El dato podría pasar por una fake new o un sketch de Capusotto, pero fue en efecto una directiva oficial. A pocos días de asumir la presidencia de Brasil, Jair Bolsonaro se encargó de que en la residencia destinada al primer mandatario y su familia no quedara nada rojo -color que asocia inexorablemente al Partido de los Trabajadores (PT)-, incluso los muebles.
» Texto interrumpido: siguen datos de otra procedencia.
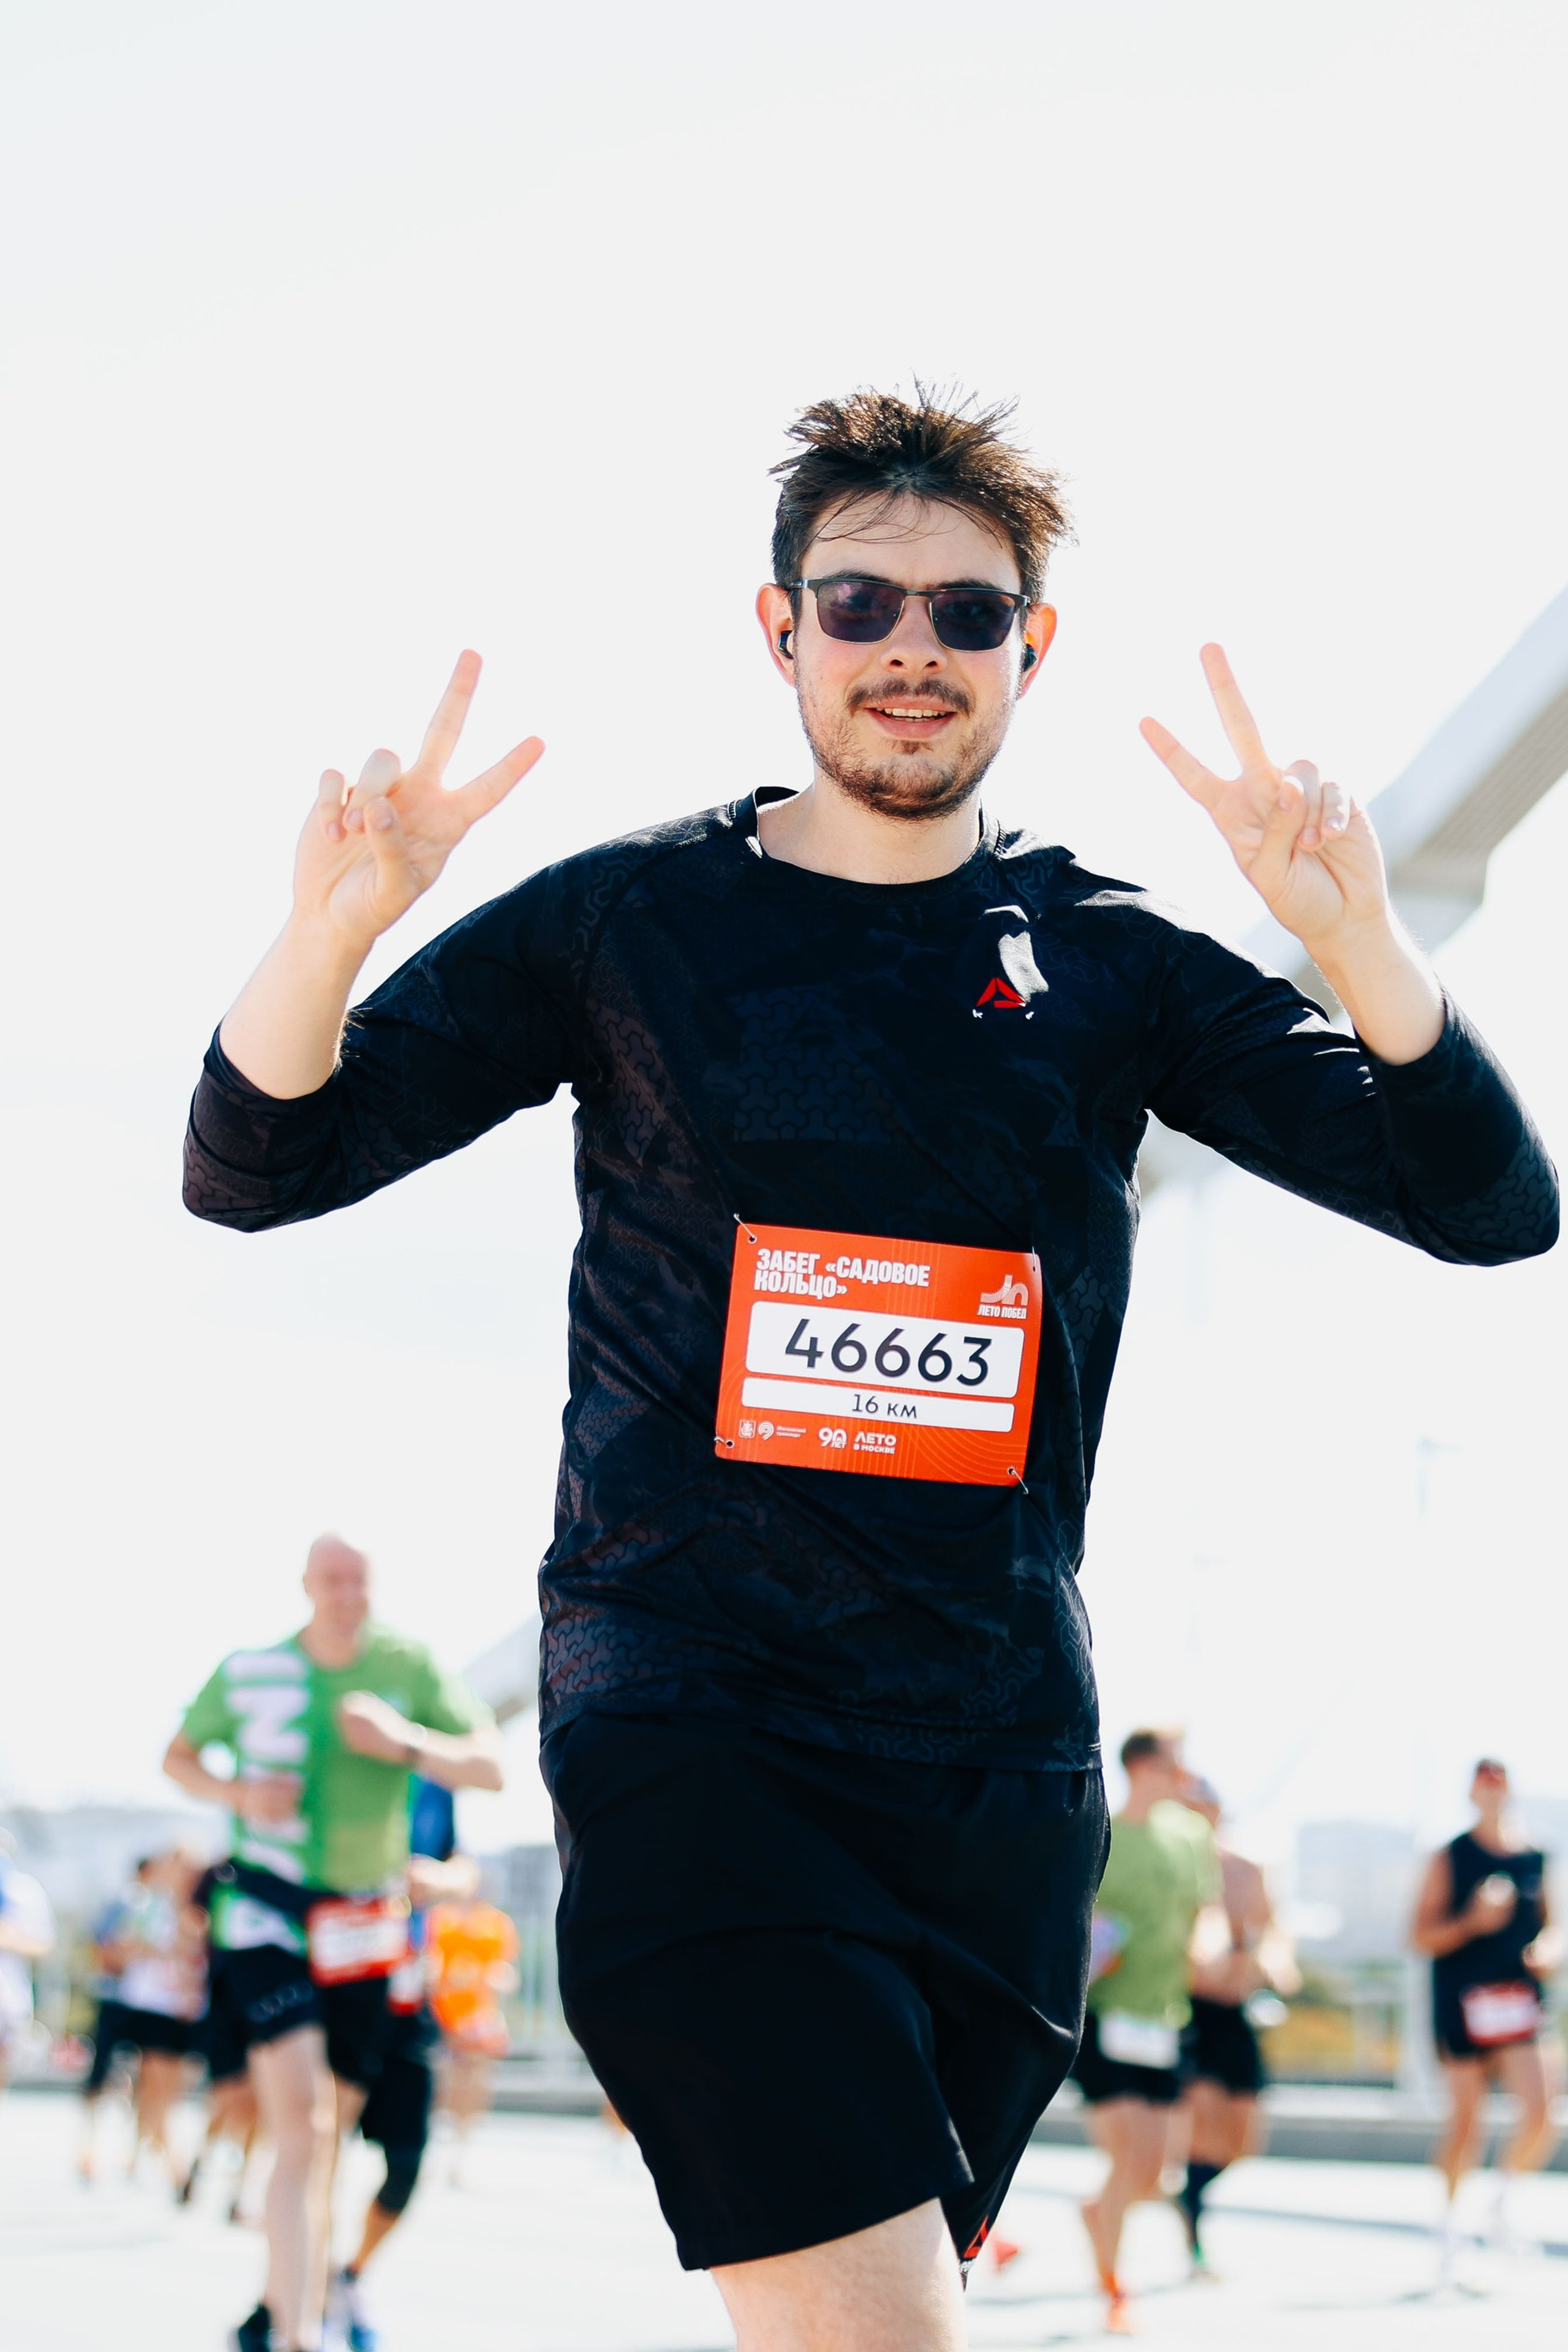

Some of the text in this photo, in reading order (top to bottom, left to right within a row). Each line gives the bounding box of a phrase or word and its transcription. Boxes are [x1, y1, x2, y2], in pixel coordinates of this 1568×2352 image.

[756, 1249, 931, 1287] ЗАБЕГ «САДОВОЕ
[753, 1270, 848, 1300] КОЛЬЦО»
[977, 1305, 1027, 1319] ЛЕТО ПОБЕД
[785, 1318, 992, 1386] 46663
[851, 1393, 878, 1413] 16
[855, 1431, 897, 1447] ЛЕТО
[861, 1446, 895, 1455] МОСКВЕ
Esta semana, junto a su mujer Michelle y sus hijas, el ultraderechista se instaló en el Palacio de la Alvorada, en Brasilia, adonde además de sus pertenencias llevó también sus obsesiones: después de prometer que de ahora en adelante mantendrá una vida austera, pidió a los empleados de su nuevo hogar que retiren todas las sillas rojas del lugar para ser reemplazadas por otras muy similares pero azules.
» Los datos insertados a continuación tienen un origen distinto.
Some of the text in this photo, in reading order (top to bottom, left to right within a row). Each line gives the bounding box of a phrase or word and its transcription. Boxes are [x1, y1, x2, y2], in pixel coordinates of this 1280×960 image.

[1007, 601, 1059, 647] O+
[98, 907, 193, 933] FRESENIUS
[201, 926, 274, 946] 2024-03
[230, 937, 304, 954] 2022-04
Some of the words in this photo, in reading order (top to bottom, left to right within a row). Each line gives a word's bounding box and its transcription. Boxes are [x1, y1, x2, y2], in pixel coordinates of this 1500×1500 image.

Los colores parecen representar una cuestión de Estado para el gobierno ultraconservador que da sus primeros pasos. Por lo menos así lo han dejado en claro sus expresiones durante el discurso de asunción, el martes pasado, cuando recibió de manos de Michel Temer la banda presidencial. En la misma disertación en la que prometió combatir la “ideología de género”, “liberar a Brasil del socialismo” y que Dios estará “por encima de todo”, Bolsonaro dijo además: “ésta es nuestra bandera (amarilla y verde), nunca será roja”.

Como quedó a la vista en los últimos días, la fijación con la paleta alcanza también a sus flamantes ministros. Ejemplo de esto es la pastora evangélica Damares Alves, designada a cargo de la cartera de la Mujer, la familia y los Derechos Humanos, quien inauguró su mandato con una máxima “¡Atención! Es una nueva Era en Brasil: niño viste de azul y niña viste de rosa”.